Data to use: Begin

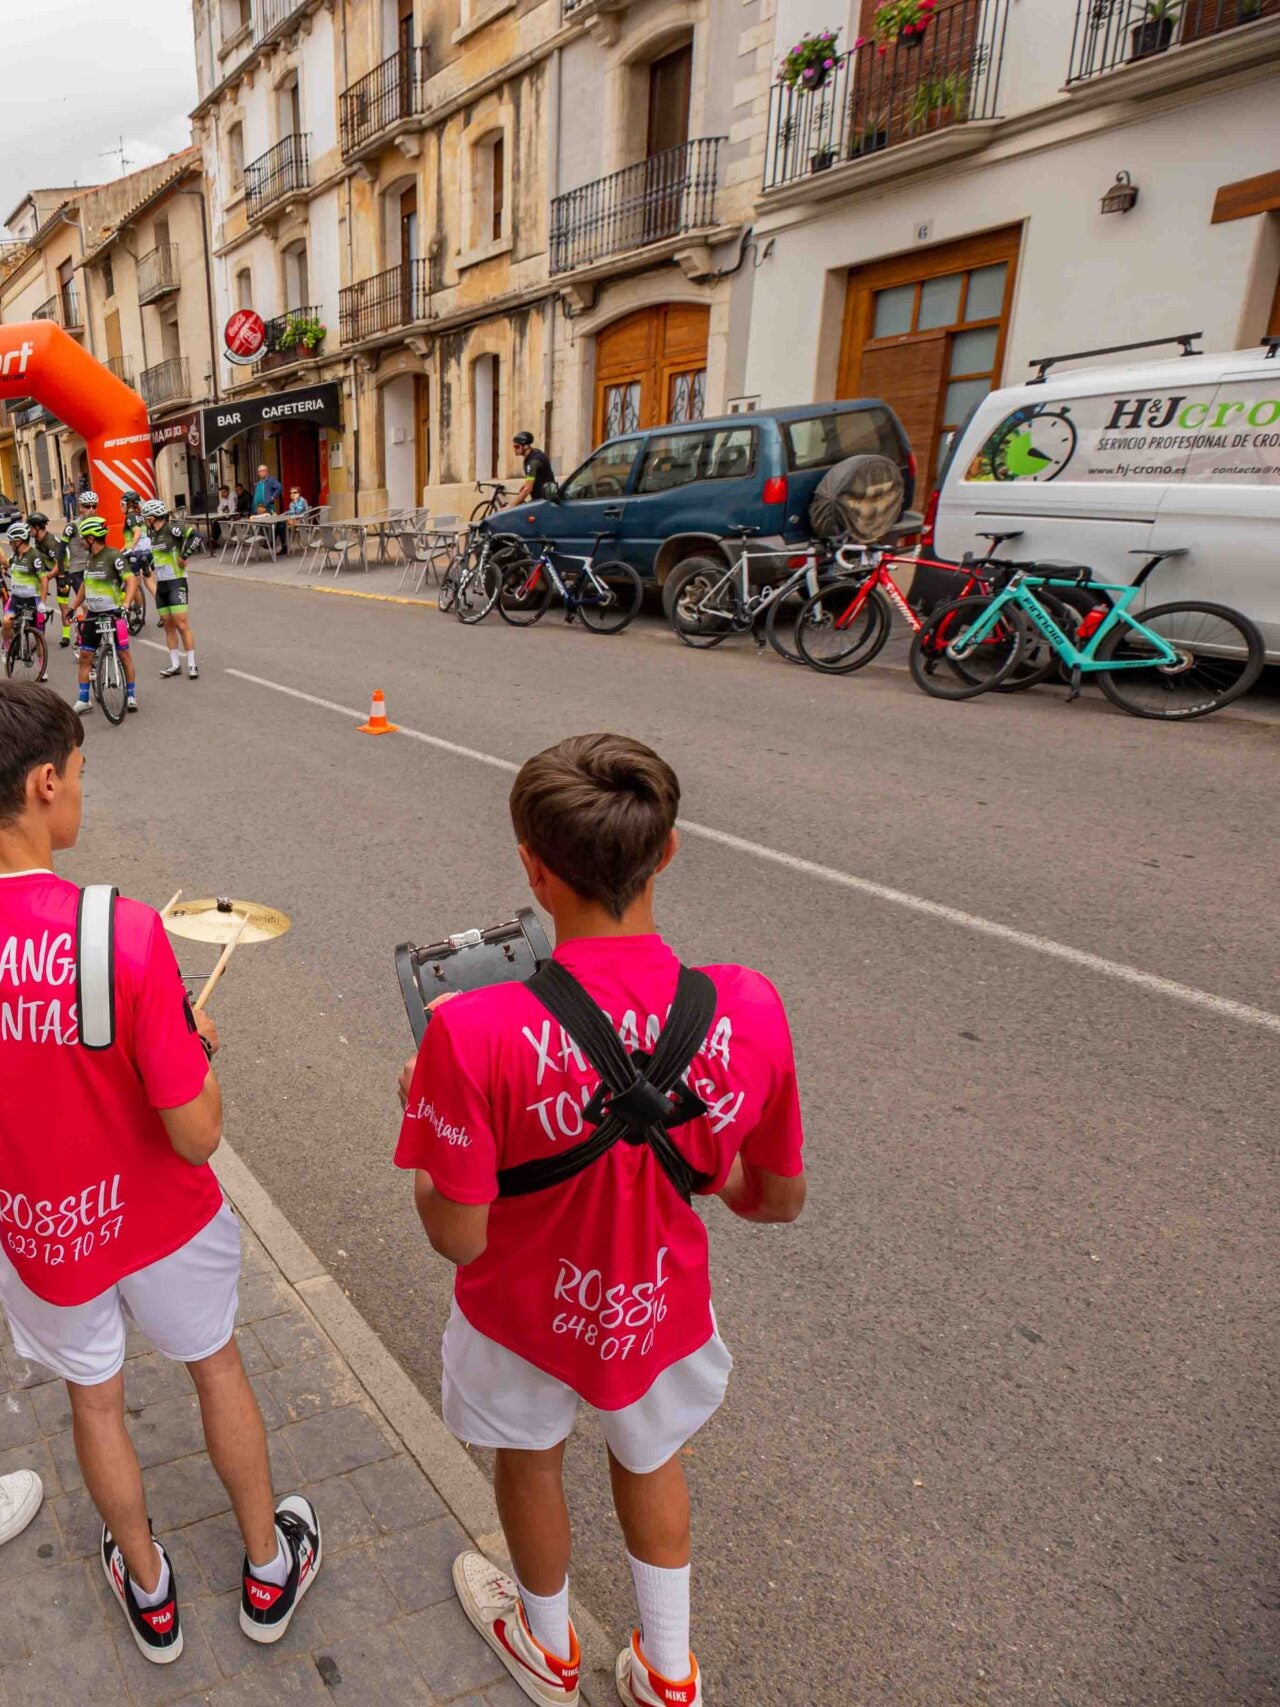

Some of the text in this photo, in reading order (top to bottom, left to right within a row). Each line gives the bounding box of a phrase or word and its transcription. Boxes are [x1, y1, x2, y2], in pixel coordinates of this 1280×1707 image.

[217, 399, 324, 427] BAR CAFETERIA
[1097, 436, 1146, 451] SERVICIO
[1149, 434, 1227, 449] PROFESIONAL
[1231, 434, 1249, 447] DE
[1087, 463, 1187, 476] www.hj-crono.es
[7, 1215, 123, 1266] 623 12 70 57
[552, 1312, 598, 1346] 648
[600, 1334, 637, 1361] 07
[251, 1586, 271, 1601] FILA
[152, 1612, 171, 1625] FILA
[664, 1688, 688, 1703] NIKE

Data to use: End

Would you print all of the entries exactly, omitting any image?

◆ **Solution below**
Some of the text in this photo, in reading order (top to bottom, left to right within a row). Each line gives the bounding box of a phrase or word and its transcription. Boxes are [x1, y1, x2, y2], in pixel coordinates of this 1280×1707 image.

[217, 399, 324, 427] BAR CAFETERIA
[1097, 436, 1146, 451] SERVICIO
[1149, 434, 1227, 449] PROFESIONAL
[1231, 434, 1249, 447] DE
[1087, 463, 1187, 476] www.hj-crono.es
[7, 1215, 123, 1266] 623 12 70 57
[552, 1312, 598, 1346] 648
[600, 1334, 637, 1361] 07
[251, 1586, 271, 1601] FILA
[152, 1612, 171, 1625] FILA
[664, 1688, 688, 1703] NIKE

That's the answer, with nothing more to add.